One of the more common questions I get when someone has been charged with a California DUI is whether they will need to install an ignition interlock device. Unfortunately the answer is not straight forward and depends on several things.
An ignition interlock device, in short, is a breathalyzer that is installed into the dash of a person’s vehicle that must be blown into before the vehicle can be started, but only if the breathalyzer does not detect alcohol. Not only must the ignition interlock device be blown into before someone can start their vehicle, but it must also be blown into at random times throughout the drive.
There are a number of things that a person can be sentenced to following a DUI conviction, some of which are mandatory and some of which are imposed at the discretion of the judge. Amongst the discretionary terms of a California DUI sentence is the requirement that a person install an ignition interlock device.
However, if you are arrested and convicted of a California DUI in Los Angeles, Alameda, Tulare or Sacramento Counties, the installation of an ignition interlock device is mandatory following a license suspension and before a person can drive again.
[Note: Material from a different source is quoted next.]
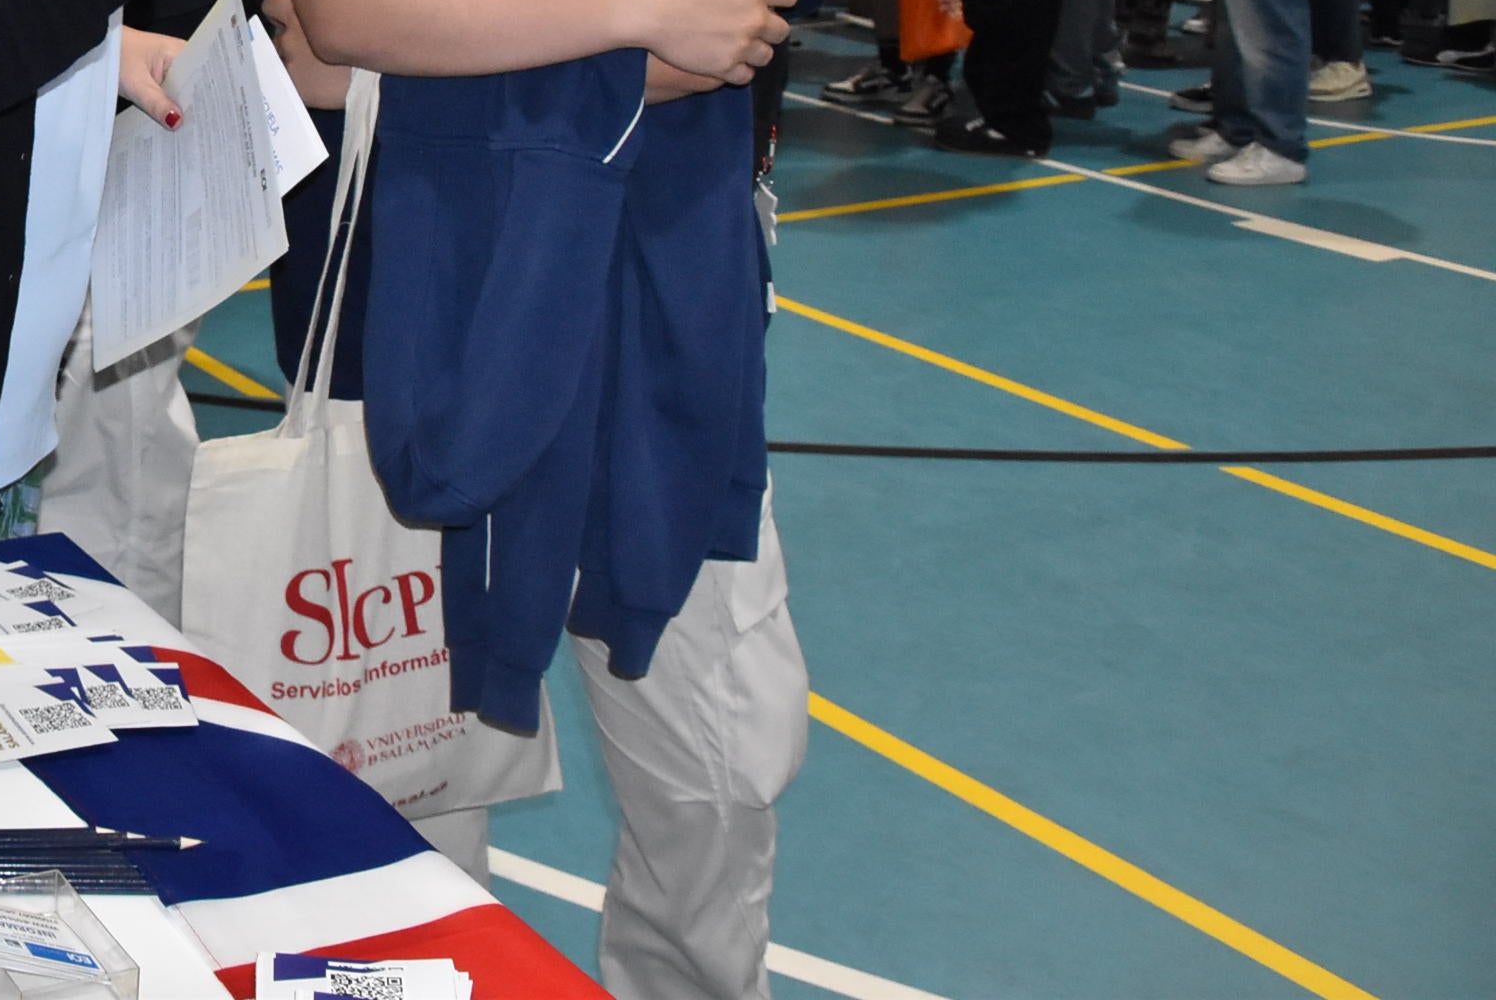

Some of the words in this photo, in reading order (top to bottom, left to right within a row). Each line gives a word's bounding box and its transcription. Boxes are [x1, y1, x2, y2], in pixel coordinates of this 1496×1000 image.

[271, 677, 362, 700] Servicios
[366, 711, 466, 750] VNIVERSIDAD
[67, 951, 92, 965] EOI
As of January 1, 2010, Assembly Bill 91 became law and created a pilot program in those counties.
The law, California Vehicle Code section 23700, in part reads:
"Before a driver’s license may be issued, reissued, or returned to a person after a suspension…of that person’s driving privilege that requires the installation of an ignition interlock device…"
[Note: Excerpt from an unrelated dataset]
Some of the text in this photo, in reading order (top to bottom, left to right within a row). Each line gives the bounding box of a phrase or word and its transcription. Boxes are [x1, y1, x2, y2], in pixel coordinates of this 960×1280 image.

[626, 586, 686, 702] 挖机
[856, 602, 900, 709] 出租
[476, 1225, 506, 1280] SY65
How long a person has to install an ignition interlock depends on how many prior DUI convictions the person has had. A first time offense carries a 5-month installation period. A second time offense carries a 12-month installation period. A third time offense carries a 24-month installation period. A fourth time offense carries a 36-month installation period.
If a person is required to install an ignition interlock device, they must certify to the California DMV that the device has been installed and they must take their vehicle to the provider of the ignition interlock device every 60 days for maintenance.
The law provides for an exception to the pilot program for those who do not own a car or otherwise have access to one. If that is the case, a person must complete and submit an “exemption form” to the California DMV. A person can then completely avoid the ignition interlock device by waiting out their suspension plus the period during which they would have had the ignition interlock device installed. If, however, the person obtains a vehicle in that time, they must have the ignition interlock device installed.
The pilot program is set to run to January 1, 2016. By July 1st of this year, the California DMV will report to the Legislature on the pilot program’s effectiveness in reducing repeat California DUI offenses. If the data from the pilot program indicates a reduction in repeat California DUI offenses, we may see the installation of an ignition interlock device as a requirement following a DUI conviction throughout California.